What's on the Front Page
Springfield's government is in a quiet scramble over who stays and who goes. Governor Fuller just reappointed two controversial department heads—Henry F. Long (corporations and taxation) and Sanford Bates (corrections)—after keeping them in limbo while he was vacationing in Europe. The real intrigue: did President Coolidge's allies Frank W. Stearns and Thomas W. White pressure Fuller behind the scenes? The paper insists no, but the optics are messy. Meanwhile, five other officials are still waiting to hear their fates, including Director Adams of fish and game, with whom Fuller has openly disagreed. The message is clear: in 1927 Massachusetts, you can keep your job even if the governor disagrees with you—but only if you're doing your work well. Across the region, mayors are beating the drum for economy and "pay-as-you-go" budgets, with Westfield's Mayor Putnam taking a particularly hard line on law enforcement, warning police that charges will be preferred if they don't stop the city from being "wide-open."
Why It Matters
January 1927 captures America at a crossroads between old and new.
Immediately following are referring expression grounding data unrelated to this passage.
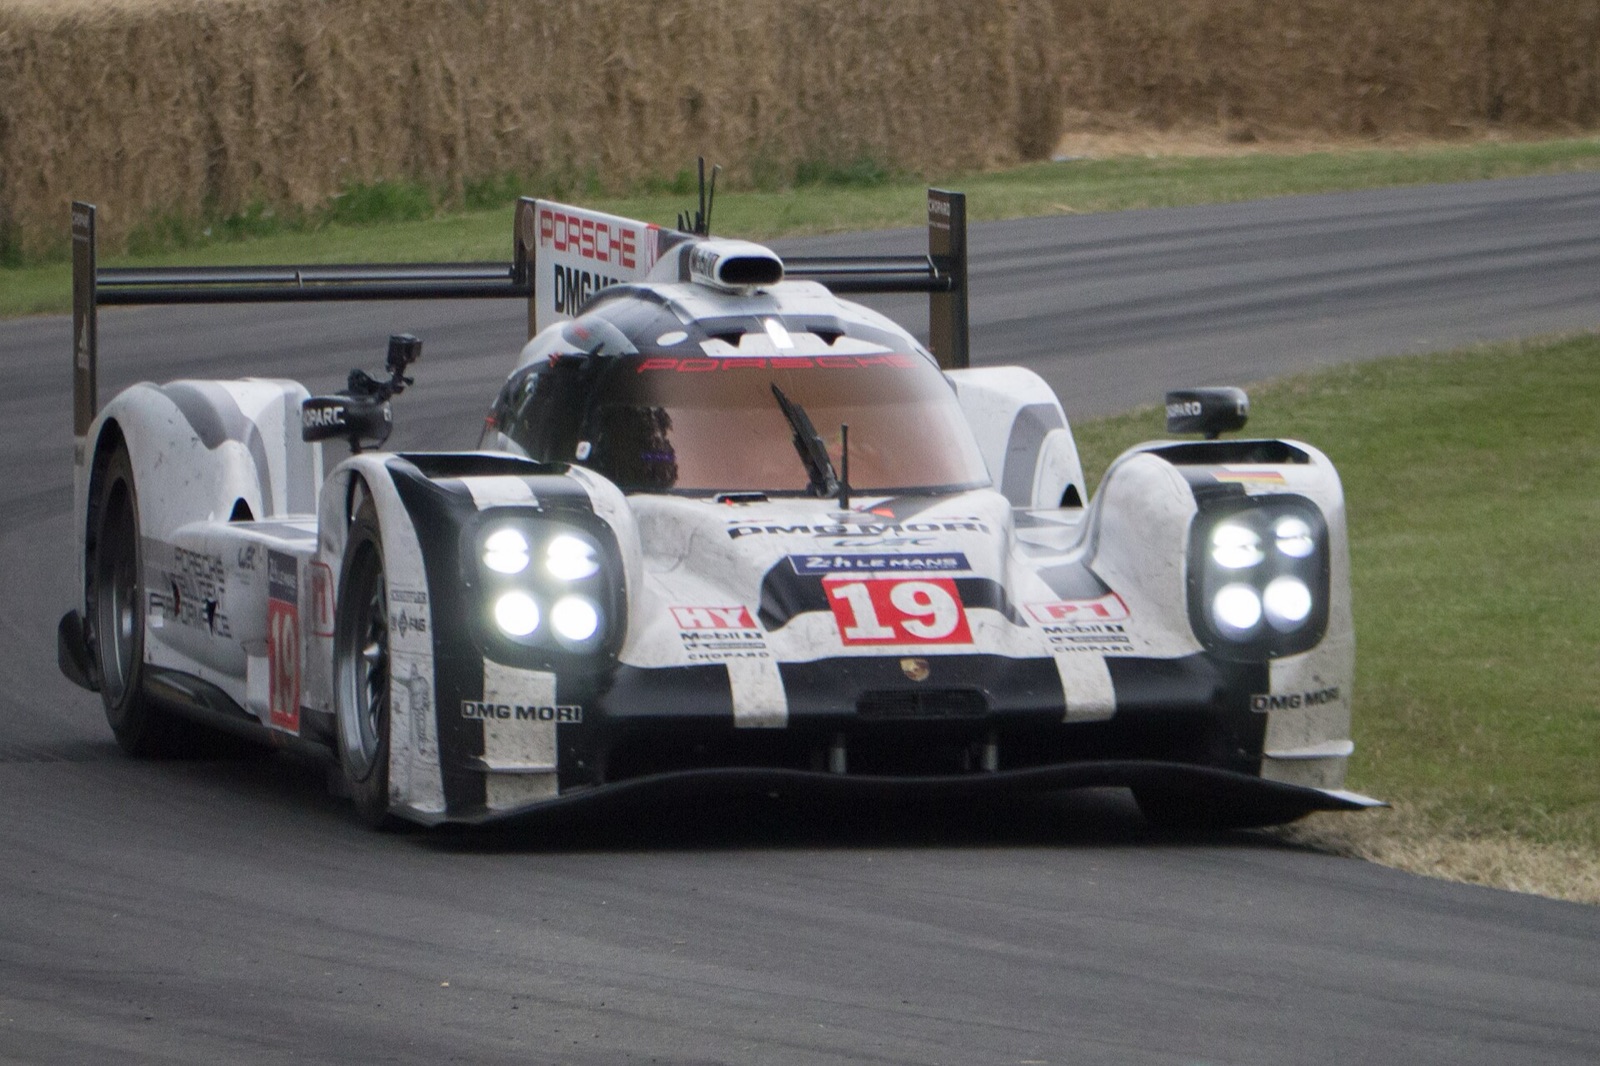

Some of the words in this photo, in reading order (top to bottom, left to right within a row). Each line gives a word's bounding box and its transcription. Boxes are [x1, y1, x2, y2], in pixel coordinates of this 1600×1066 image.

[540, 210, 636, 269] PORSCHE
[636, 357, 917, 373] PORSCHE
[859, 522, 991, 536] MORI
[857, 558, 886, 568] LE
[889, 558, 958, 570] MANS
[671, 607, 745, 629] HY
[831, 581, 960, 640] 19
[1044, 603, 1111, 619] P1
[680, 632, 741, 641] Mobil
[1042, 625, 1102, 634] Mobil
[688, 651, 770, 660] CHOPARD
[1053, 644, 1135, 653] CHOPARD
[1254, 694, 1301, 711] DMG
[462, 702, 511, 720] DMG
[515, 705, 581, 722] MORI
The automobile is remaking daily life—but so is regulation. Massachusetts just enacted compulsory automobile liability insurance, and the paper worries whether it'll keep cars off the road. Prohibition is officially six years old and transparently failing; the editorial about wood alcohol poisoning reflects a public health crisis born from illegal liquor. Meanwhile, city governments are wrestling with how to modernize (biennial elections, zoning laws, gasoline taxes for roads) while staying fiscally conservative. This is the Coolidge era's obsession with "business-like" government and retrenchment, even as new technologies and regulatory regimes fundamentally reshape American life.
Hidden Gems
- Carbon monoxide poisoning is such a problem in Springfield that the paper urges the Automobile Club to plaster warning posters everywhere—'there is abundant evidence locally that a good many people do not read the newspapers.' The invisible killer was a hidden cost of the auto boom; garage owners worked in toxic conditions so regularly they may have developed immunity.
- Springfield just went through an entire year 'not issuing a single bond of any sort'—described as 'unusual in its history.' This was radical fiscal conservatism; the city's entire capital strategy had shifted to pay-as-you-go, no debt.
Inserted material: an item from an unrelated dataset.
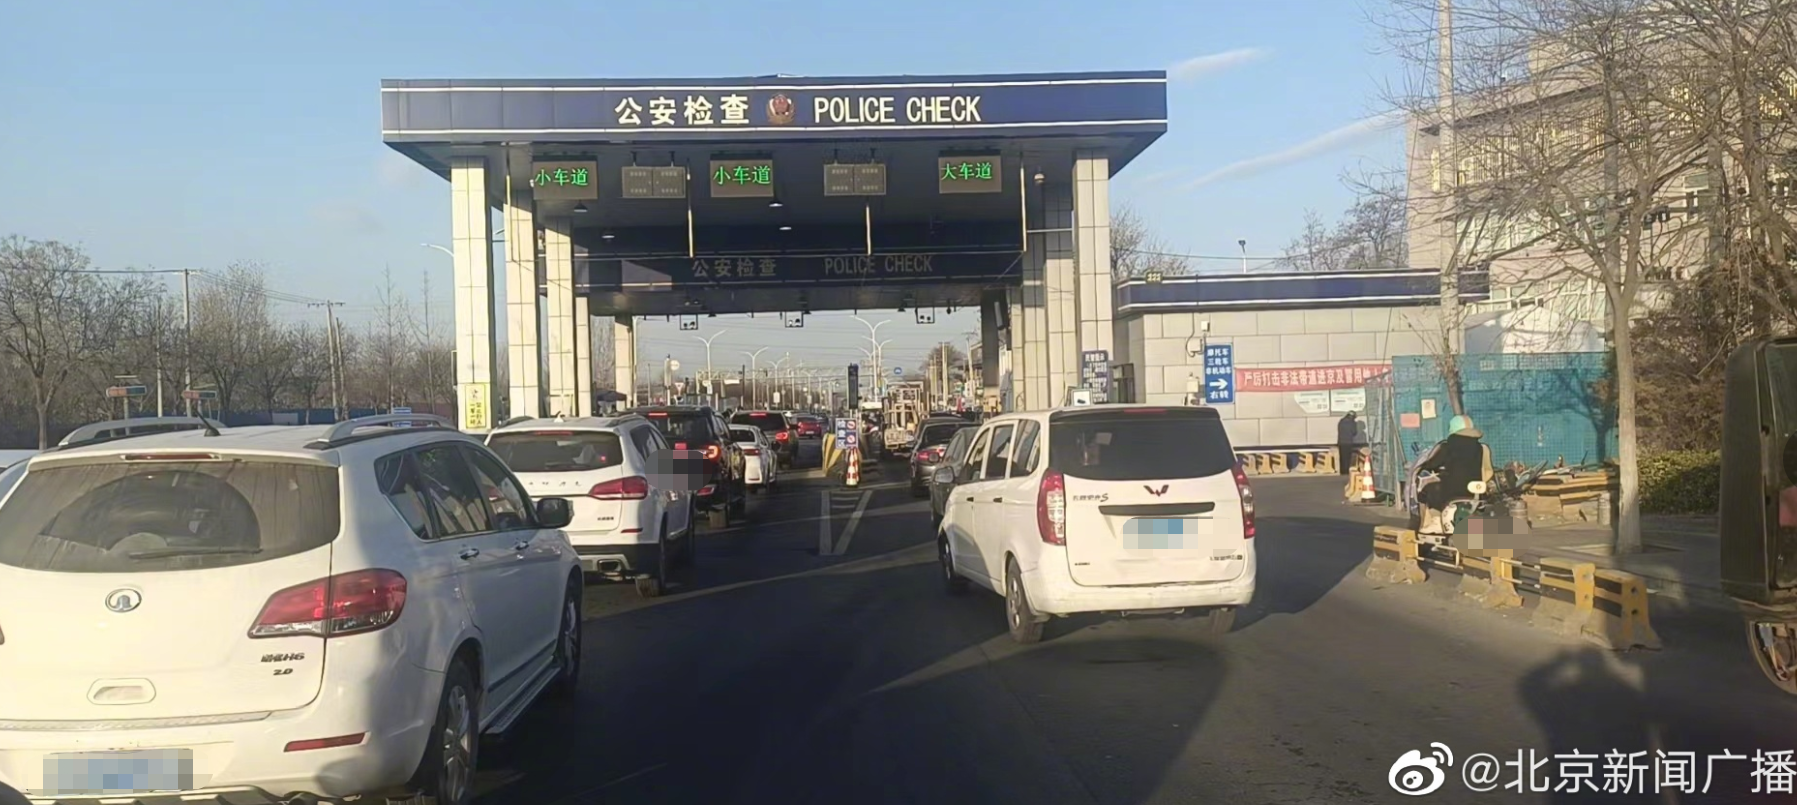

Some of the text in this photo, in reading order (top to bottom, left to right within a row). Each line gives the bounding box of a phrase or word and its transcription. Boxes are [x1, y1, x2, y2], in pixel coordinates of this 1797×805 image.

- The paper notes that Springfield's schools have the highest per-pupil costs of practically any American city—yet Mayor Parker criticizes them for not cooperating in economy efforts. Education spending was already a lightning rod.
- Two bus companies (one owned by the Boston & Maine Railroad subsidiary) are fighting for licenses to operate between Worcester and Lowell. The editorial notes that 'in the end the railroad bus lines seem likely to absorb their weaker competitors'—and cites a recent bankruptcy after a November 7 accident where an insurance company canceled bonds.
- Registration at the local auto registry office is down 'several thousand machines' from last year, partly because owners are delaying to avoid the Christmas expense combined with new insurance costs. Winter driving conditions make the calculus worse.
Fun Facts
- The paper mentions Henry F. Long was criticized for being 'too zealous' in his role—yet the governor kept him anyway. Long would become a fixture of Massachusetts politics; he was later instrumental in reorganizing the state's fiscal systems during the Depression, proving that zealousness at the right moment could define a career.
- Governor Fuller just returned from Europe; transatlantic travel for state business was still rare and noteworthy in 1927. The voyage alone would have taken a week each way.
- The paper cites 47 progressive Massachusetts communities that have already adopted zoning ordinances. Zoning itself was brand-new—the first comprehensive zoning law in America (New York City) had passed just in 1916, only 11 years earlier. Springfield was wrestling with radical new land-use controls.
- Sanford Bates, the reappointed Commissioner of Corrections, would go on to become one of the most famous prison reformers in American history, eventually leading the federal prison system and pioneering rehabilitation-focused approaches that still influence penology today.
- The mention of the Providence-Worcester Coach line being absorbed by the New Haven Railroad's bus subsidiary after an accident foreshadows the Great Depression's consolidation wave—small independent operators couldn't survive liability crises, and railroads swallowed them whole.